- Directed by: Joseph Anthony
- Written by: Story: William Faulkner Screenplay & Play: Horton Foote
- Produced by: Gilbert Pearlman Paul Roebling
- Starring: Robert Duvall Olga Bellin
- Cinematography: Allan Green
- Edited by: Reva Schlesinger
- Music by: Irwin Stahl
- Distributed by: Filmgroup Productions
- Release date: 9 April 1972 (US);
- Running time: 103 minutes
- Country: United States
- Language: English

= Tomorrow (1972 film) =

1972 film directed by Joseph Anthony

Tomorrow is a 1972 American drama film directed by Joseph Anthony and starring Robert Duvall and Olga Bellin. The screenplay was written by Horton Foote, adapted from a play he wrote for Playhouse 90 that was itself based on a 1940 short story by William Faulkner in the short story collection Knight's Gambit. The PG-rated film was filmed in the Mississippi counties of Alcorn and Itawamba. Although released in 1972, it saw limited runs in the U.S. until re-released about ten years later. Duvall called the film one of his personal favorites.

==Plot==
An isolated and lonely farmer named Fentry, in rural Mississippi takes in a pregnant drifter who has been abandoned by the father of her child. Told in flashback, twenty years later, the farmer is on a jury and the film, narrated by the defense attorney in the case, explores why he is the lone guilty vote in the trial of a man who killed a man most people considered worthless and of no account. In a steady and methodic fashion, it is revealed the victim was the son of Sarah Eubanks, the pregnant drifter, with whom Fentry had had an intense personal involvement after he found her in a destitute state and nursed her back to health. She later died, after he had promised he'd take care of her son. He raised the boy for a time, but the boy was taken from him by force by the brothers of the boy's mother. Their poor upbringing led to the boy becoming a man whom people held in such low regard that his murder was regarded as a public service. Fentry remembers only the child he'd cherished and nurtured, and can't accept his death being treated as an event of no significance. The attorney looks at Fentry, and realizes this is someone society treats as insignificant, but who is actually a person of tremendous character and determination, like so many others who die unnoticed: “The lowly and invincible of the earth—to endure and endure and then endure, tomorrow and tomorrow and tomorrow.”

==Main cast==
- Robert Duvall as Jackson Fentry
- Olga Bellin as Sarah Eubanks
- Sudie Bond as Mrs.

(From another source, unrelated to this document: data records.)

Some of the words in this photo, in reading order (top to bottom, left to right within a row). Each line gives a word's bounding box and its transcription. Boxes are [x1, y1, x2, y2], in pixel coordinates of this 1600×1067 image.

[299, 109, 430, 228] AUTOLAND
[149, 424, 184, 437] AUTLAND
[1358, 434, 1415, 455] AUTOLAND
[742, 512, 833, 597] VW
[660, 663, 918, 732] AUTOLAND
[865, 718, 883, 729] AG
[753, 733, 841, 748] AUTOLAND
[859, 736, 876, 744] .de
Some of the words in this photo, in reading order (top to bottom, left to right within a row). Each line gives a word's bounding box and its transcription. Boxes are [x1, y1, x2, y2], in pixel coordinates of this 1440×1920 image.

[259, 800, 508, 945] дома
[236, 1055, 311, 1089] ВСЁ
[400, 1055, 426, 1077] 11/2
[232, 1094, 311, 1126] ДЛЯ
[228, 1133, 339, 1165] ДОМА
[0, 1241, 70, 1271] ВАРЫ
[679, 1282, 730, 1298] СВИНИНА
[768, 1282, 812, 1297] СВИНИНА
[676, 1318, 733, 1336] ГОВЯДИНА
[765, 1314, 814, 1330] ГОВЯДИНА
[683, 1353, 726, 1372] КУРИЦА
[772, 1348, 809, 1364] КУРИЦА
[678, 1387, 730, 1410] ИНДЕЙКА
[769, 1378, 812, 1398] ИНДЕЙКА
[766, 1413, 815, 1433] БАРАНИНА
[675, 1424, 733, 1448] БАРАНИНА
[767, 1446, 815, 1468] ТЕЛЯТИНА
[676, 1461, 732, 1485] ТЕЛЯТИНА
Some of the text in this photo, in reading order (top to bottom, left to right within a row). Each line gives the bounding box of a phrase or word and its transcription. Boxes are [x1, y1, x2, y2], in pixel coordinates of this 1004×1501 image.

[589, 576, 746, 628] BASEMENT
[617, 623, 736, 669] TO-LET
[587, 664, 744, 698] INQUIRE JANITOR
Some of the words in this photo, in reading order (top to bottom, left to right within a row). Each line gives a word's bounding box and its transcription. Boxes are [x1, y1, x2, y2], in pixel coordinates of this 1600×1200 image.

Hulie
- Richard McConnell as Isham Russell
- Peter Masterson as Douglas
- Johnny Mask as Jackson
- William Hawley as Papa Fentry
- James Franks as Preacher Whitehead

==Production==
The opening courthouse scenes of Tomorrow were shot at the historic Jacinto Courthouse in Alcorn County, Mississippi. The courthouse, built in 1854, has been refurbished and is listed in the National Register of Historic Places. The majority of the film was shot in the Bounds Crossroads community of Itawamba County, at the sawmill on the farm of Chester Russell, the grandfather of singer Tammy Wynette (Virginia Wynette Pugh), who lived most of her young years there with her grandparents until she married in 1960. The sawmill building, where much of the film was shot, was built just for the film. Chester Russell played one of the jurors and can be seen when the jury is deliberating in the opening courthouse scenes. Some of the film props were also leased from James Franks Antique Museum of Tupelo, Mississippi.

==Release==
The film opened at the 68th Street Playhouse in New York City and only played 32 playdates around the United States. It was re-released in June 1978 at The Public Theater in New York City.

===Critical reception===
The film was praised by Rex Reed, Gene Shalit, Archer Winsten and Jeffrey Lyons, with Reed stating that he believed it was the best depiction of Faulkner ever screened. Vincent Canby of The New York Times overall did not care for the film but acknowledged it was well-intentioned:
[T]he Horton Foote screenplay is less an adaptation than an enlargement, in the playwright's dumbest, television-fake literary style of the 1950s. Tomorrow is not one of Faulkner's most interesting works... Mr. Foote's attempts at pretty po' fo'k dialogue come very close to the ludicrous... Even if the movie's intentions are decent, as reflected in the accurate look of the production, filmed in Mississippi, the effect is mostly patronizing.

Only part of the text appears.